Samuel Butler (1613-1680), Characters and Passages from Note-Books
, ed. A.R. Waller (Cambridge: At the University Press, 1908), pp. 136-137 (ellipsis in original):
A Pedant is a dwarf Scholar, that never outgrows the Mode and Fashion of the School, where he should have been taught. He wears his little Learning, unmade-up, puts it on, before it was half finished, without pressing or smoothing. He studies and uses Words with the greatest Respect possible, merely for their own Sakes, like an honest Man, without any Regard of Interest, as they are useful and serviceable to Things, and among those he is kindest to Strangers (like a civil Gentleman) that are far from their own Country and most unknown. He collects old Sayings and Ends of Verses, as Antiquaries do old Coins, and is as glad to produce them upon all Occasions. He has Sentences ready lying by him for all Purposes, though to no one, and talks of Authors as familiarly as his Fellow-Collegiates. He will challenge Acquaintance with those, he never saw before, and pretend to intimate Knowledge of those, he has only heard of.
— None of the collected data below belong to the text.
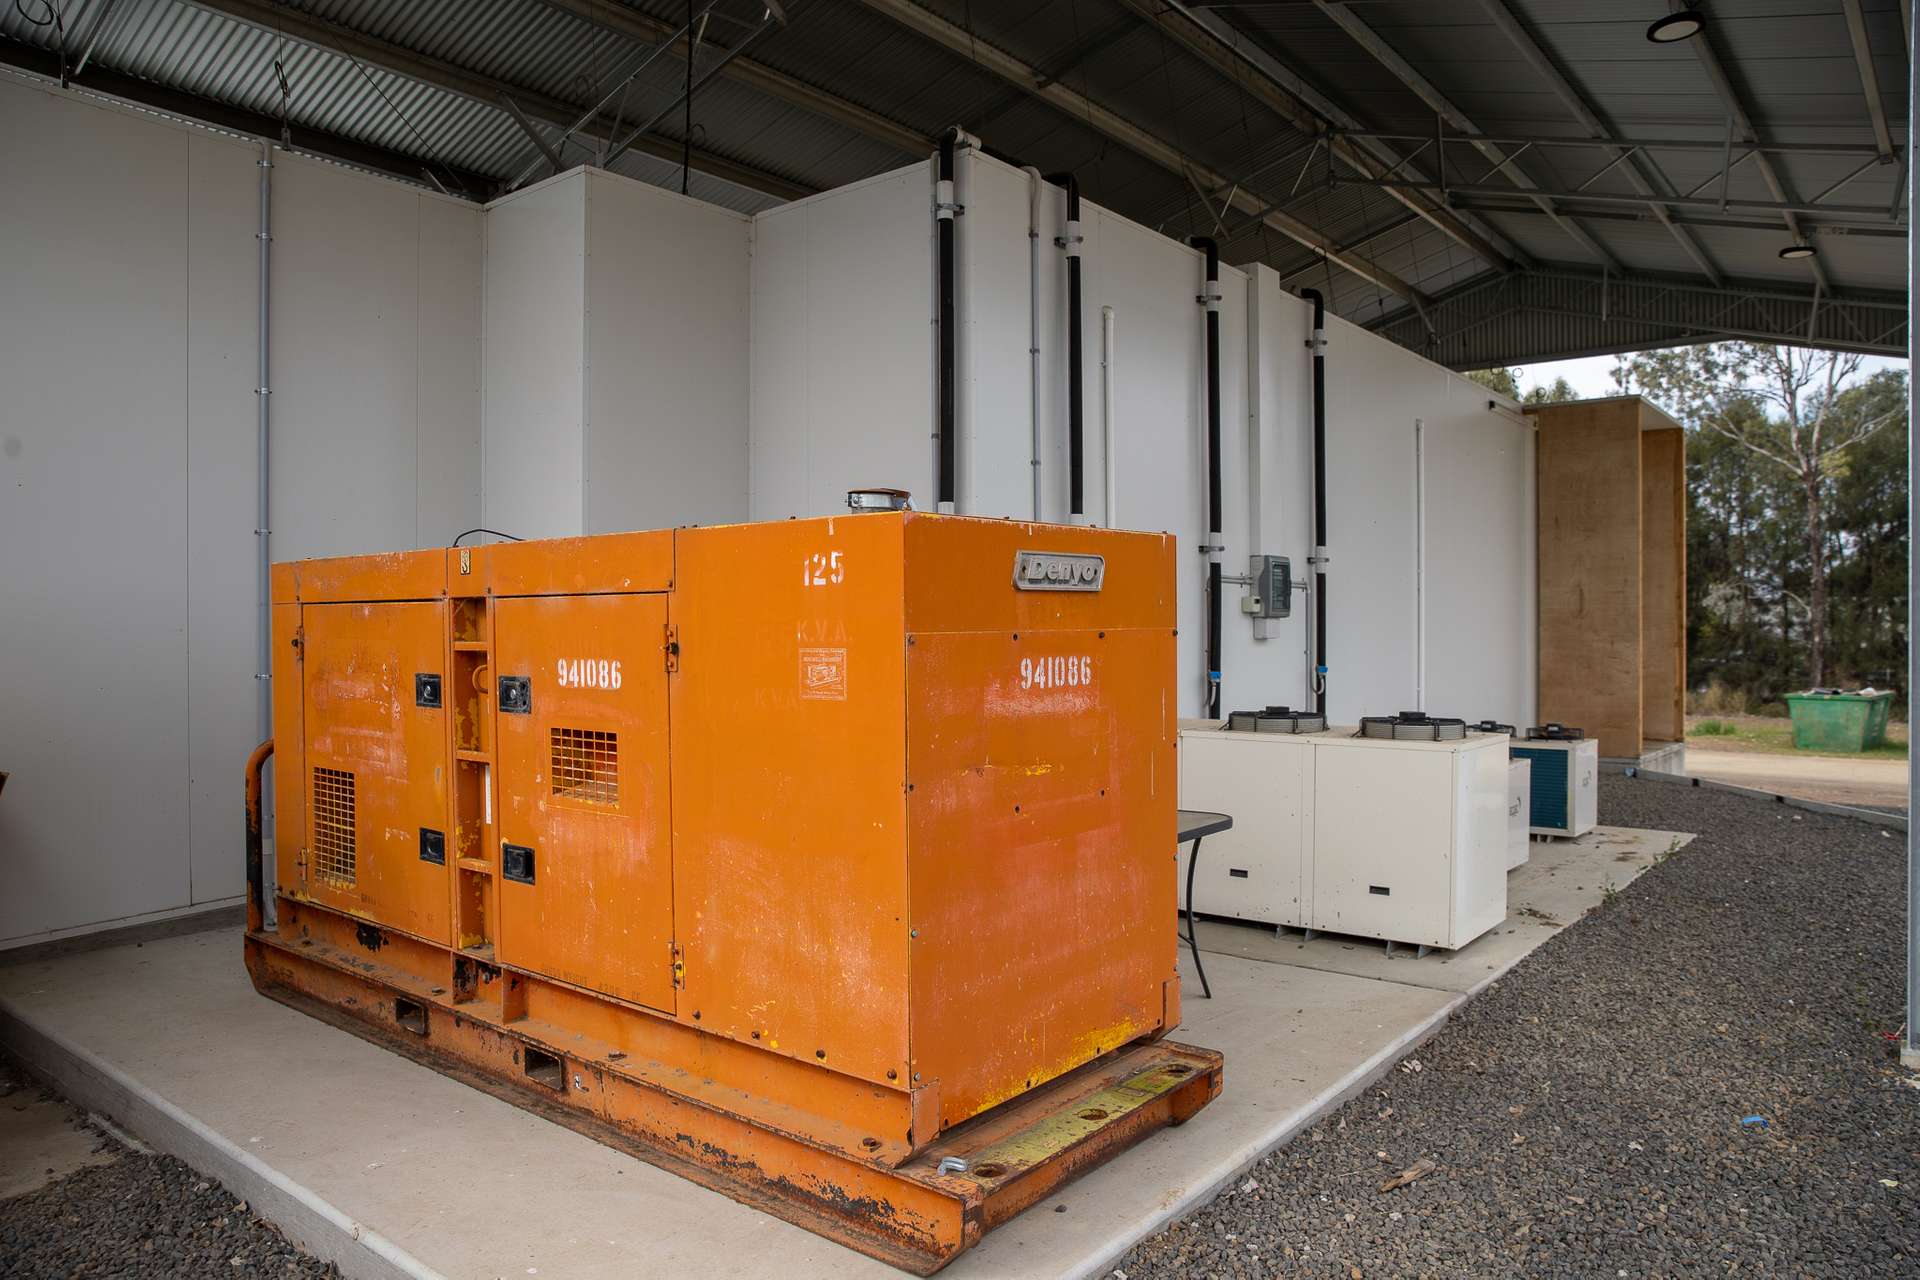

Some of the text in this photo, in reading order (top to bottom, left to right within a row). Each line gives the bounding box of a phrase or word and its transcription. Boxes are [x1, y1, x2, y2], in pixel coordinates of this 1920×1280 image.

[804, 551, 845, 586] 125
[1027, 558, 1096, 586] Denyo
[557, 658, 622, 689] 941086
[1020, 655, 1092, 689] 941086
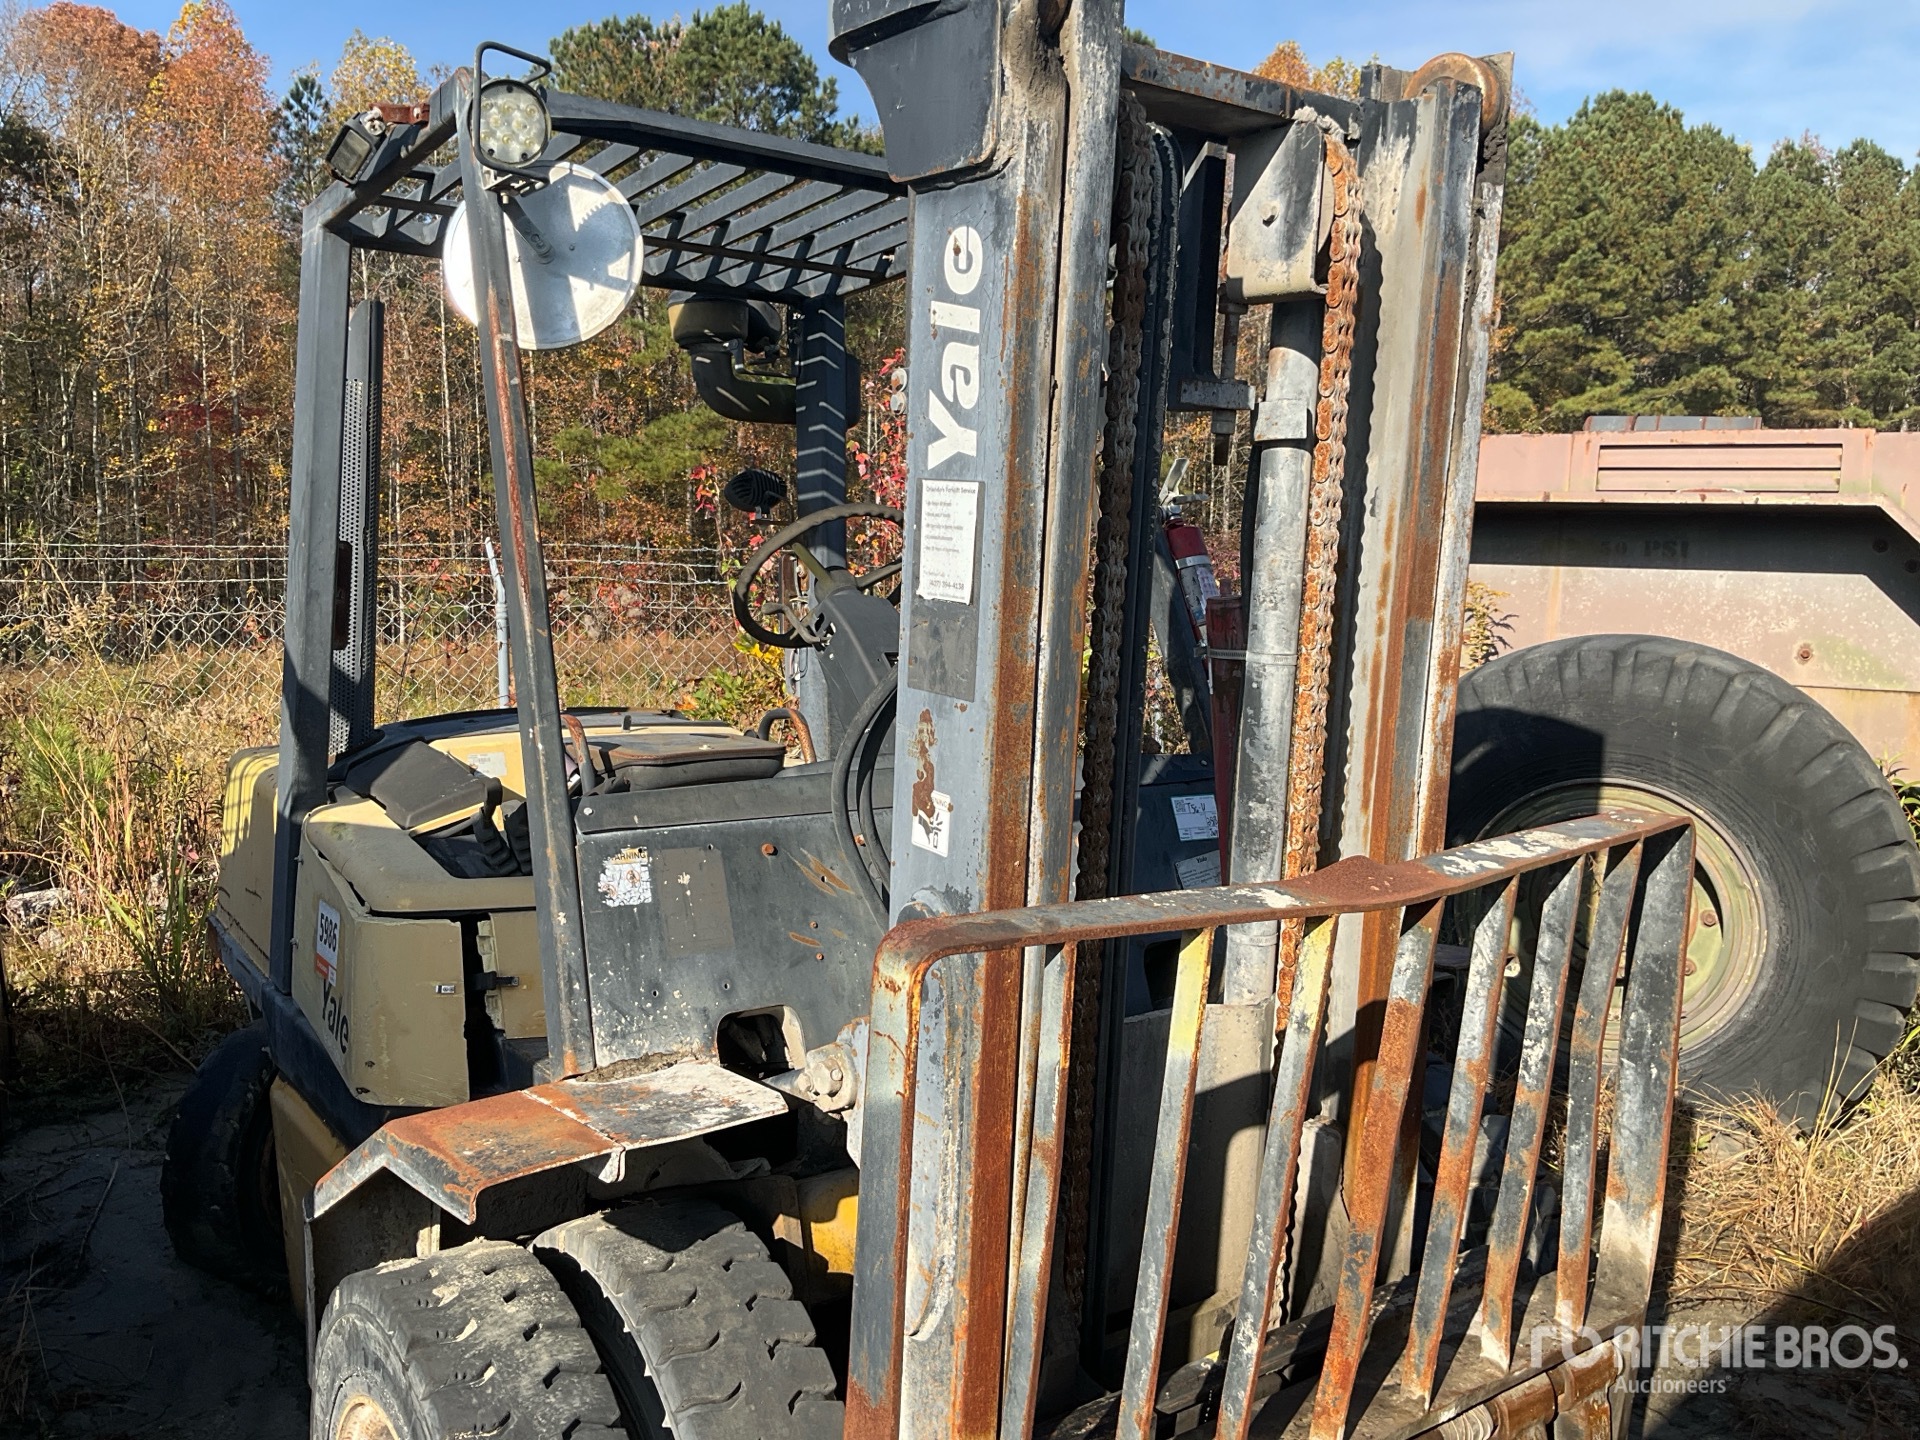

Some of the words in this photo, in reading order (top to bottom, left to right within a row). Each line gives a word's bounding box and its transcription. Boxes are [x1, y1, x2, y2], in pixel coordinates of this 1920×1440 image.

[927, 225, 983, 471] Yale
[961, 487, 976, 495] Service
[1644, 540, 1689, 559] PSI
[611, 851, 646, 861] ARNING
[319, 912, 338, 953] 5986
[322, 977, 349, 1055] Yale
He is well stored with Terms of Art, but does not know how to use them, like a Country-Fellow, that carries his Gloves in his Hands, not his Hands in his Gloves. He handles Arts and Sciences like those, that can play a little upon an Instrument, but do not know, whether it be in Tune or not. He converses by the Book; and does not talk, but quote. If he can but screw in something, that an ancient Writer said, he believes it to be much better than if he had something of himself to the Purpose. His Brain is not able to concoct what it takes in, and therefore brings things up as they were swallowed, that is, crude and undigested, in whole Sentences, not assimilated Sense, which he rather affects; for his Want of Judgment, like Want of Health, renders his Appetite preposterous. He pumps for affected and far-fet Expressions, and they always prove as far from the Purpose. He admires Canting above Sense. He is worse than one, that is utterly ignorant, as a Cock that sees a little, fights worse than one, that is stark-blind. He speaks in a different Dialect from other Men, and much affects forced Expressions, forgetting that hard Words, as well as evil ones, corrupt good Manners. He can do nothing, like a Conjurer, out of the Circle of his Arts, nor in it without canting and .... If he professes Physic, he gives his Patients sound hard Words for their Money, as cheap as he can afford; for they cost him Money and Study too, before he came by them, and he has Reason to make as much of them as he can.